[EXERCISE AIM]: Please set out each line below exactly as it stands, without the images.

Collected data entries:
+++

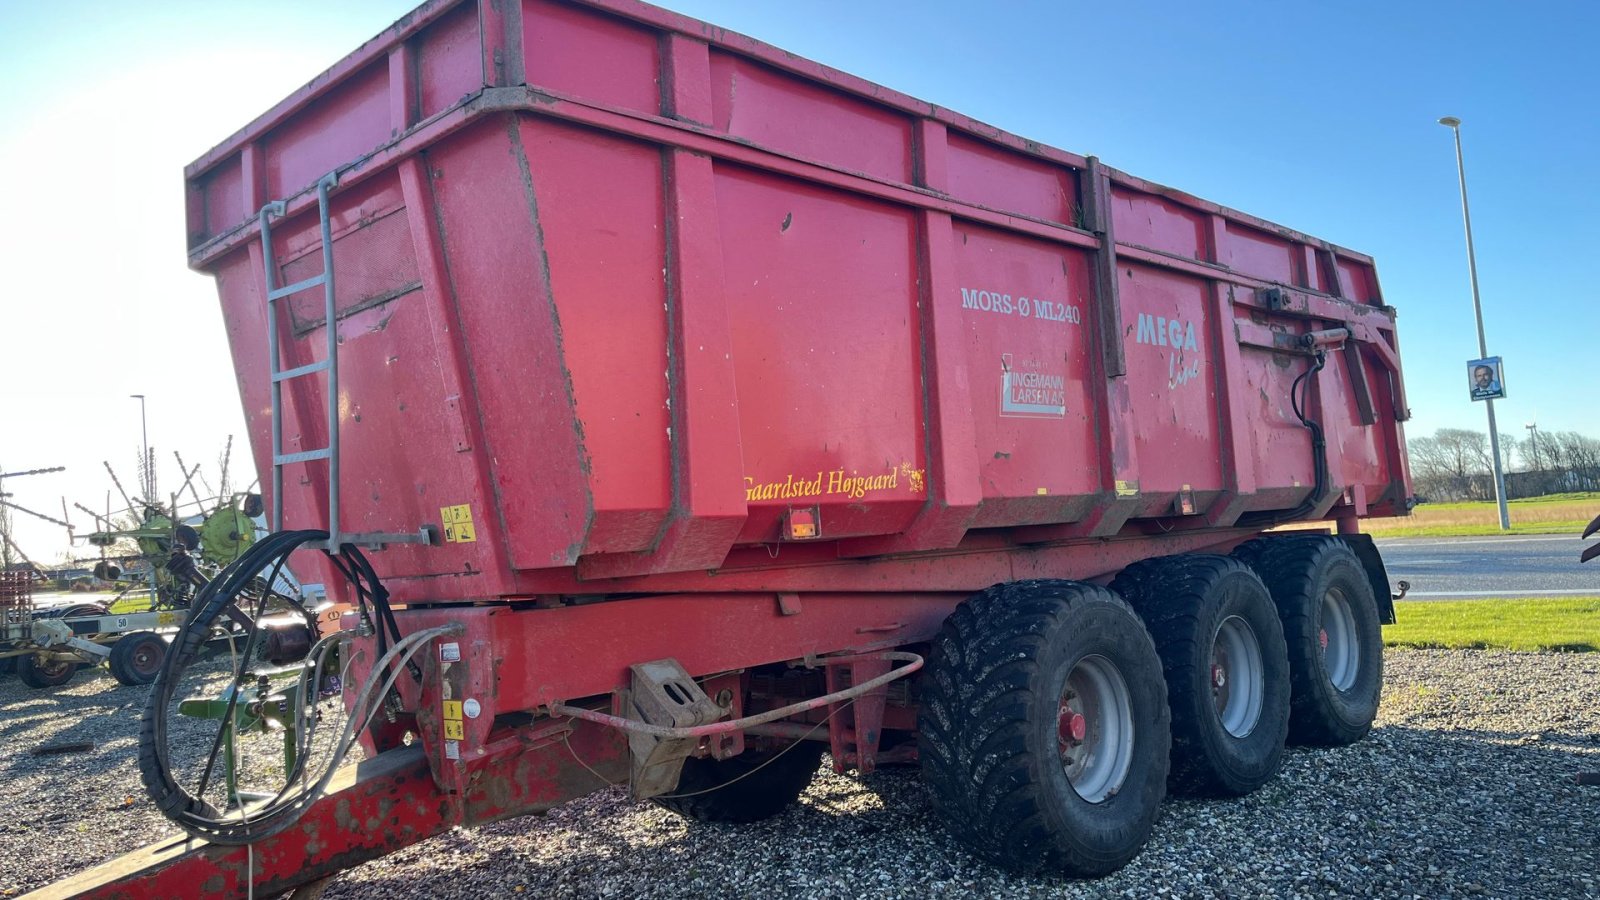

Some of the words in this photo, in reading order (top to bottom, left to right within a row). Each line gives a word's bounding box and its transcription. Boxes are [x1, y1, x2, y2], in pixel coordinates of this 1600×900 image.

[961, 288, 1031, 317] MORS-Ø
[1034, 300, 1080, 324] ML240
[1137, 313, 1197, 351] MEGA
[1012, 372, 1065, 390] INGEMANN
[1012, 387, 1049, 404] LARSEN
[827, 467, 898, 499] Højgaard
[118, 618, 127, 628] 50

+++

[EXERCISE OUTPUT]:
Some of the words in this photo, in reading order (top to bottom, left to right within a row). Each line gives a word's bounding box and its transcription. Boxes are [x1, y1, x2, y2], in pixel coordinates of this 1600×900 image.

[961, 288, 1031, 317] MORS-Ø
[1034, 300, 1080, 324] ML240
[1137, 313, 1197, 351] MEGA
[1012, 372, 1065, 390] INGEMANN
[1012, 387, 1049, 404] LARSEN
[827, 467, 898, 499] Højgaard
[118, 618, 127, 628] 50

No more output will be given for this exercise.